> _Your task_
Please print the whole listing below exactly as it stands.
Extracted entries START
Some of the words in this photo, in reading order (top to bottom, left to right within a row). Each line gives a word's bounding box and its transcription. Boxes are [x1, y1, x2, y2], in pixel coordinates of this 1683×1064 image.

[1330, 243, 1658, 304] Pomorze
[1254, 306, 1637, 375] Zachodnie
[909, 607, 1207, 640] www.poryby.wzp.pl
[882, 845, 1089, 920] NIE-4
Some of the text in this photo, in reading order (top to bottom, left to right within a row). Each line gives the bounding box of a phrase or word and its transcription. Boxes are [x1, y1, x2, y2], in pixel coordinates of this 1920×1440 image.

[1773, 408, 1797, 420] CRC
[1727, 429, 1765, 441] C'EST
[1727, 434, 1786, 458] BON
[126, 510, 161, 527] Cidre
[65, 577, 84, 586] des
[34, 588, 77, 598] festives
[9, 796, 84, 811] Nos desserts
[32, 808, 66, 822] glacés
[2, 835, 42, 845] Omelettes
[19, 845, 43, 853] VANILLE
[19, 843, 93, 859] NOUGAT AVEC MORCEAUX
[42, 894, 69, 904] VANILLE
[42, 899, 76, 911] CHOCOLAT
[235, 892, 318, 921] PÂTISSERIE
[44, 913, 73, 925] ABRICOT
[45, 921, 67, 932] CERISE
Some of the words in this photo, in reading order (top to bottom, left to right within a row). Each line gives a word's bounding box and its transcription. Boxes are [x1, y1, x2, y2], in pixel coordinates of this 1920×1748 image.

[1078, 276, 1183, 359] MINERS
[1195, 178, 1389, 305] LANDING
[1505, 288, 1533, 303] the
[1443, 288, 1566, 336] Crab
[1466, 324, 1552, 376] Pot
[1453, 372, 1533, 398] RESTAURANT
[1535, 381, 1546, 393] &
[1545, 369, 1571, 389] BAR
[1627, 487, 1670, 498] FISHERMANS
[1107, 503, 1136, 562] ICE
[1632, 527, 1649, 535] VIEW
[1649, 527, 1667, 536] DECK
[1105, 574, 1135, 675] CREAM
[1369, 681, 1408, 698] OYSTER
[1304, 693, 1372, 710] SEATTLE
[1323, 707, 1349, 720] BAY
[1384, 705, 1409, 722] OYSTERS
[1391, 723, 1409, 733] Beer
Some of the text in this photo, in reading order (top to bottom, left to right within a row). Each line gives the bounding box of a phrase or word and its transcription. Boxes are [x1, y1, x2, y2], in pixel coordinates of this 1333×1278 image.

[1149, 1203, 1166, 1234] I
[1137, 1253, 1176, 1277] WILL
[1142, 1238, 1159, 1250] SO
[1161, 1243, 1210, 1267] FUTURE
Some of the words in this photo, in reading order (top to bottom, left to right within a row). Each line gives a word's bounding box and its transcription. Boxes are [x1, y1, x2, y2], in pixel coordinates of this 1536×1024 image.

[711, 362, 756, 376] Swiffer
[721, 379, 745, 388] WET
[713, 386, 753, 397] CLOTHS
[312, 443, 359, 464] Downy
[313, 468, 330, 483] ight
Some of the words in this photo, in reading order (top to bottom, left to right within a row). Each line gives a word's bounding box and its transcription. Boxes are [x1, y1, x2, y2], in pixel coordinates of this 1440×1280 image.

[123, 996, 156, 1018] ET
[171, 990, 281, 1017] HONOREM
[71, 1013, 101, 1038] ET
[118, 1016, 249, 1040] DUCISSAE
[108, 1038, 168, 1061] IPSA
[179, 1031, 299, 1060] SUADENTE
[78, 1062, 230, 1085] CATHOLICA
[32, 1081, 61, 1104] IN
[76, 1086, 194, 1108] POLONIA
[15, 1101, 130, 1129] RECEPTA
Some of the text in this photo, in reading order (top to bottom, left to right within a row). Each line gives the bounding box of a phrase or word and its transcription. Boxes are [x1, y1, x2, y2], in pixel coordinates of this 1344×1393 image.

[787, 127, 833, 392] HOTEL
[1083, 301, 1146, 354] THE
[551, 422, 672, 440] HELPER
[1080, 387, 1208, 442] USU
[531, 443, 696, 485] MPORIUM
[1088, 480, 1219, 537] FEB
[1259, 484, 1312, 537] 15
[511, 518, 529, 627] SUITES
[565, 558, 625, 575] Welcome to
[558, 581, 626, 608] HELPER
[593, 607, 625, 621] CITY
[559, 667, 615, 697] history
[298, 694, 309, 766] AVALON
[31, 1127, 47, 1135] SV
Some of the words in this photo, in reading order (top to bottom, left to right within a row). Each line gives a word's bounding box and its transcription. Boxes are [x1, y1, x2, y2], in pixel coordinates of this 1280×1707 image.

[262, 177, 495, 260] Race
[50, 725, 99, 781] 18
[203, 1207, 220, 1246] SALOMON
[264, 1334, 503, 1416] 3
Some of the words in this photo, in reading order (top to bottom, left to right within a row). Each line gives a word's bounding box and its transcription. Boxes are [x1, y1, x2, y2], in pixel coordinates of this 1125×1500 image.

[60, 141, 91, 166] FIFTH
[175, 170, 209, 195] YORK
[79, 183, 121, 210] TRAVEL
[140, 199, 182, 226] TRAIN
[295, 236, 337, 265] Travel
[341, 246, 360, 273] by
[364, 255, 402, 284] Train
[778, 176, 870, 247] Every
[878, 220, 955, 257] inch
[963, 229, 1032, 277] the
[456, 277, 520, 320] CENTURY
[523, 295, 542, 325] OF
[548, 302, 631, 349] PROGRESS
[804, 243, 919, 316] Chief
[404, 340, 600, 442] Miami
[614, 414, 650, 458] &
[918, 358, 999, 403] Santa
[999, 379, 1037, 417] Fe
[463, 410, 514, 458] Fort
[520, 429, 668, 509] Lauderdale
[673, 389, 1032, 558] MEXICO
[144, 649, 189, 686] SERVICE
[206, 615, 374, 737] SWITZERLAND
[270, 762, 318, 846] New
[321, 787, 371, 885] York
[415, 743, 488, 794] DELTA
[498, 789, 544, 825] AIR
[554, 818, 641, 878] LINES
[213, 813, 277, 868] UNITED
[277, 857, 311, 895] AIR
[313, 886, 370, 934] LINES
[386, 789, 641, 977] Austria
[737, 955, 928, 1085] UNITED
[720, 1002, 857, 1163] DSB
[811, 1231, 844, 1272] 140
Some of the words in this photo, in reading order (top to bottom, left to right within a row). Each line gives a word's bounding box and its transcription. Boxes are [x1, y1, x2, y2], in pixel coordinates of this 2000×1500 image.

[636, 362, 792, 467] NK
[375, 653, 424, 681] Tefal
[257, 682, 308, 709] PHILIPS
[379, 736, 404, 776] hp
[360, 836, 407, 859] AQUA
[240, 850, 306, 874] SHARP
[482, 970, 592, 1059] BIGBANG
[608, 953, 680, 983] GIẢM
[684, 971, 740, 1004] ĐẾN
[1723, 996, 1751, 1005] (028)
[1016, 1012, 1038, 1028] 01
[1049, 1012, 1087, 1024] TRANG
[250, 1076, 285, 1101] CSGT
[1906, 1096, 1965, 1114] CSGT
Extracted entries END
> _Answer section_
Some of the words in this photo, in reading order (top to bottom, left to right within a row). Each line gives a word's bounding box and its transcription. Boxes are [x1, y1, x2, y2], in pixel coordinates of this 1683×1064 image.

[1330, 243, 1658, 304] Pomorze
[1254, 306, 1637, 375] Zachodnie
[909, 607, 1207, 640] www.poryby.wzp.pl
[882, 845, 1089, 920] NIE-4
Some of the text in this photo, in reading order (top to bottom, left to right within a row). Each line gives the bounding box of a phrase or word and its transcription. Boxes are [x1, y1, x2, y2], in pixel coordinates of this 1920×1440 image.

[1773, 408, 1797, 420] CRC
[1727, 429, 1765, 441] C'EST
[1727, 434, 1786, 458] BON
[126, 510, 161, 527] Cidre
[65, 577, 84, 586] des
[34, 588, 77, 598] festives
[9, 796, 84, 811] Nos desserts
[32, 808, 66, 822] glacés
[2, 835, 42, 845] Omelettes
[19, 845, 43, 853] VANILLE
[19, 843, 93, 859] NOUGAT AVEC MORCEAUX
[42, 894, 69, 904] VANILLE
[42, 899, 76, 911] CHOCOLAT
[235, 892, 318, 921] PÂTISSERIE
[44, 913, 73, 925] ABRICOT
[45, 921, 67, 932] CERISE
Some of the words in this photo, in reading order (top to bottom, left to right within a row). Each line gives a word's bounding box and its transcription. Boxes are [x1, y1, x2, y2], in pixel coordinates of this 1920×1748 image.

[1078, 276, 1183, 359] MINERS
[1195, 178, 1389, 305] LANDING
[1505, 288, 1533, 303] the
[1443, 288, 1566, 336] Crab
[1466, 324, 1552, 376] Pot
[1453, 372, 1533, 398] RESTAURANT
[1535, 381, 1546, 393] &
[1545, 369, 1571, 389] BAR
[1627, 487, 1670, 498] FISHERMANS
[1107, 503, 1136, 562] ICE
[1632, 527, 1649, 535] VIEW
[1649, 527, 1667, 536] DECK
[1105, 574, 1135, 675] CREAM
[1369, 681, 1408, 698] OYSTER
[1304, 693, 1372, 710] SEATTLE
[1323, 707, 1349, 720] BAY
[1384, 705, 1409, 722] OYSTERS
[1391, 723, 1409, 733] Beer
Some of the text in this photo, in reading order (top to bottom, left to right within a row). Each line gives the bounding box of a phrase or word and its transcription. Boxes are [x1, y1, x2, y2], in pixel coordinates of this 1333×1278 image.

[1149, 1203, 1166, 1234] I
[1137, 1253, 1176, 1277] WILL
[1142, 1238, 1159, 1250] SO
[1161, 1243, 1210, 1267] FUTURE
Some of the words in this photo, in reading order (top to bottom, left to right within a row). Each line gives a word's bounding box and its transcription. Boxes are [x1, y1, x2, y2], in pixel coordinates of this 1536×1024 image.

[711, 362, 756, 376] Swiffer
[721, 379, 745, 388] WET
[713, 386, 753, 397] CLOTHS
[312, 443, 359, 464] Downy
[313, 468, 330, 483] ight
Some of the words in this photo, in reading order (top to bottom, left to right within a row). Each line gives a word's bounding box and its transcription. Boxes are [x1, y1, x2, y2], in pixel coordinates of this 1440×1280 image.

[123, 996, 156, 1018] ET
[171, 990, 281, 1017] HONOREM
[71, 1013, 101, 1038] ET
[118, 1016, 249, 1040] DUCISSAE
[108, 1038, 168, 1061] IPSA
[179, 1031, 299, 1060] SUADENTE
[78, 1062, 230, 1085] CATHOLICA
[32, 1081, 61, 1104] IN
[76, 1086, 194, 1108] POLONIA
[15, 1101, 130, 1129] RECEPTA
Some of the text in this photo, in reading order (top to bottom, left to right within a row). Each line gives the bounding box of a phrase or word and its transcription. Boxes are [x1, y1, x2, y2], in pixel coordinates of this 1344×1393 image.

[787, 127, 833, 392] HOTEL
[1083, 301, 1146, 354] THE
[551, 422, 672, 440] HELPER
[1080, 387, 1208, 442] USU
[531, 443, 696, 485] MPORIUM
[1088, 480, 1219, 537] FEB
[1259, 484, 1312, 537] 15
[511, 518, 529, 627] SUITES
[565, 558, 625, 575] Welcome to
[558, 581, 626, 608] HELPER
[593, 607, 625, 621] CITY
[559, 667, 615, 697] history
[298, 694, 309, 766] AVALON
[31, 1127, 47, 1135] SV
Some of the words in this photo, in reading order (top to bottom, left to right within a row). Each line gives a word's bounding box and its transcription. Boxes are [x1, y1, x2, y2], in pixel coordinates of this 1280×1707 image.

[262, 177, 495, 260] Race
[50, 725, 99, 781] 18
[203, 1207, 220, 1246] SALOMON
[264, 1334, 503, 1416] 3
Some of the words in this photo, in reading order (top to bottom, left to right within a row). Each line gives a word's bounding box and its transcription. Boxes are [x1, y1, x2, y2], in pixel coordinates of this 1125×1500 image.

[60, 141, 91, 166] FIFTH
[175, 170, 209, 195] YORK
[79, 183, 121, 210] TRAVEL
[140, 199, 182, 226] TRAIN
[295, 236, 337, 265] Travel
[341, 246, 360, 273] by
[364, 255, 402, 284] Train
[778, 176, 870, 247] Every
[878, 220, 955, 257] inch
[963, 229, 1032, 277] the
[456, 277, 520, 320] CENTURY
[523, 295, 542, 325] OF
[548, 302, 631, 349] PROGRESS
[804, 243, 919, 316] Chief
[404, 340, 600, 442] Miami
[614, 414, 650, 458] &
[918, 358, 999, 403] Santa
[999, 379, 1037, 417] Fe
[463, 410, 514, 458] Fort
[520, 429, 668, 509] Lauderdale
[673, 389, 1032, 558] MEXICO
[144, 649, 189, 686] SERVICE
[206, 615, 374, 737] SWITZERLAND
[270, 762, 318, 846] New
[321, 787, 371, 885] York
[415, 743, 488, 794] DELTA
[498, 789, 544, 825] AIR
[554, 818, 641, 878] LINES
[213, 813, 277, 868] UNITED
[277, 857, 311, 895] AIR
[313, 886, 370, 934] LINES
[386, 789, 641, 977] Austria
[737, 955, 928, 1085] UNITED
[720, 1002, 857, 1163] DSB
[811, 1231, 844, 1272] 140
Some of the words in this photo, in reading order (top to bottom, left to right within a row). Each line gives a word's bounding box and its transcription. Boxes are [x1, y1, x2, y2], in pixel coordinates of this 2000×1500 image.

[636, 362, 792, 467] NK
[375, 653, 424, 681] Tefal
[257, 682, 308, 709] PHILIPS
[379, 736, 404, 776] hp
[360, 836, 407, 859] AQUA
[240, 850, 306, 874] SHARP
[482, 970, 592, 1059] BIGBANG
[608, 953, 680, 983] GIẢM
[684, 971, 740, 1004] ĐẾN
[1723, 996, 1751, 1005] (028)
[1016, 1012, 1038, 1028] 01
[1049, 1012, 1087, 1024] TRANG
[250, 1076, 285, 1101] CSGT
[1906, 1096, 1965, 1114] CSGT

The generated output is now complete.